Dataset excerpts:
»»

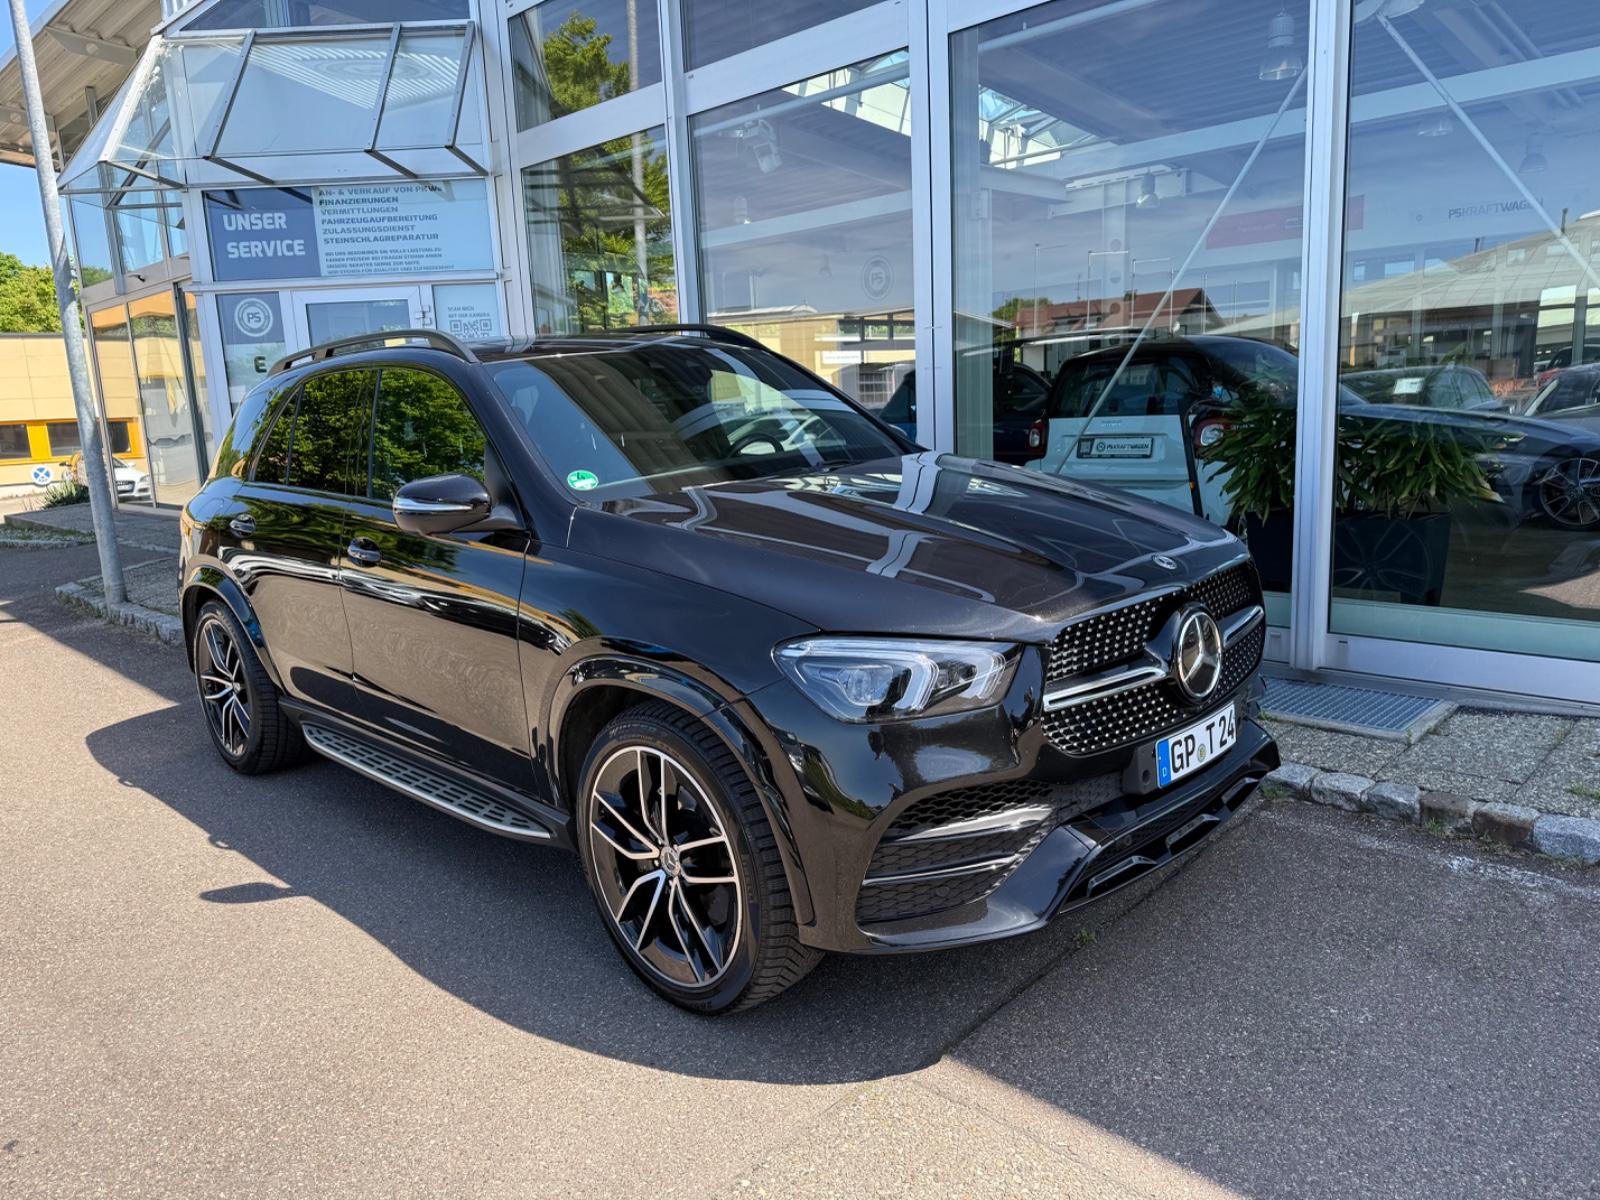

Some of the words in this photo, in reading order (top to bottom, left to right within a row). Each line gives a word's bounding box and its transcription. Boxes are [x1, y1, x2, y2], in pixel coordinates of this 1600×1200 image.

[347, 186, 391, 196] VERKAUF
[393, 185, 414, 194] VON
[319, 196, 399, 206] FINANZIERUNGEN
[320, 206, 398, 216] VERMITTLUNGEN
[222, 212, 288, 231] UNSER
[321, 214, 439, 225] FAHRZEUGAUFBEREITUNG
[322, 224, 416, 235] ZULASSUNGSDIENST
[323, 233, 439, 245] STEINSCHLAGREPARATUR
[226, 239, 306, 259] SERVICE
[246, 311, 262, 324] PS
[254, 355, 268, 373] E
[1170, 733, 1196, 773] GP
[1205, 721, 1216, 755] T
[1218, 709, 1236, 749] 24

««

● **PROBLEM DESCRIPTION**
Transcribe the records verbatim, excluding pictures.

● **SOLUTION BELOW**
Some of the words in this photo, in reading order (top to bottom, left to right within a row). Each line gives a word's bounding box and its transcription. Boxes are [x1, y1, x2, y2], in pixel coordinates of this 1600×1200 image.

[347, 186, 391, 196] VERKAUF
[393, 185, 414, 194] VON
[319, 196, 399, 206] FINANZIERUNGEN
[320, 206, 398, 216] VERMITTLUNGEN
[222, 212, 288, 231] UNSER
[321, 214, 439, 225] FAHRZEUGAUFBEREITUNG
[322, 224, 416, 235] ZULASSUNGSDIENST
[323, 233, 439, 245] STEINSCHLAGREPARATUR
[226, 239, 306, 259] SERVICE
[246, 311, 262, 324] PS
[254, 355, 268, 373] E
[1170, 733, 1196, 773] GP
[1205, 721, 1216, 755] T
[1218, 709, 1236, 749] 24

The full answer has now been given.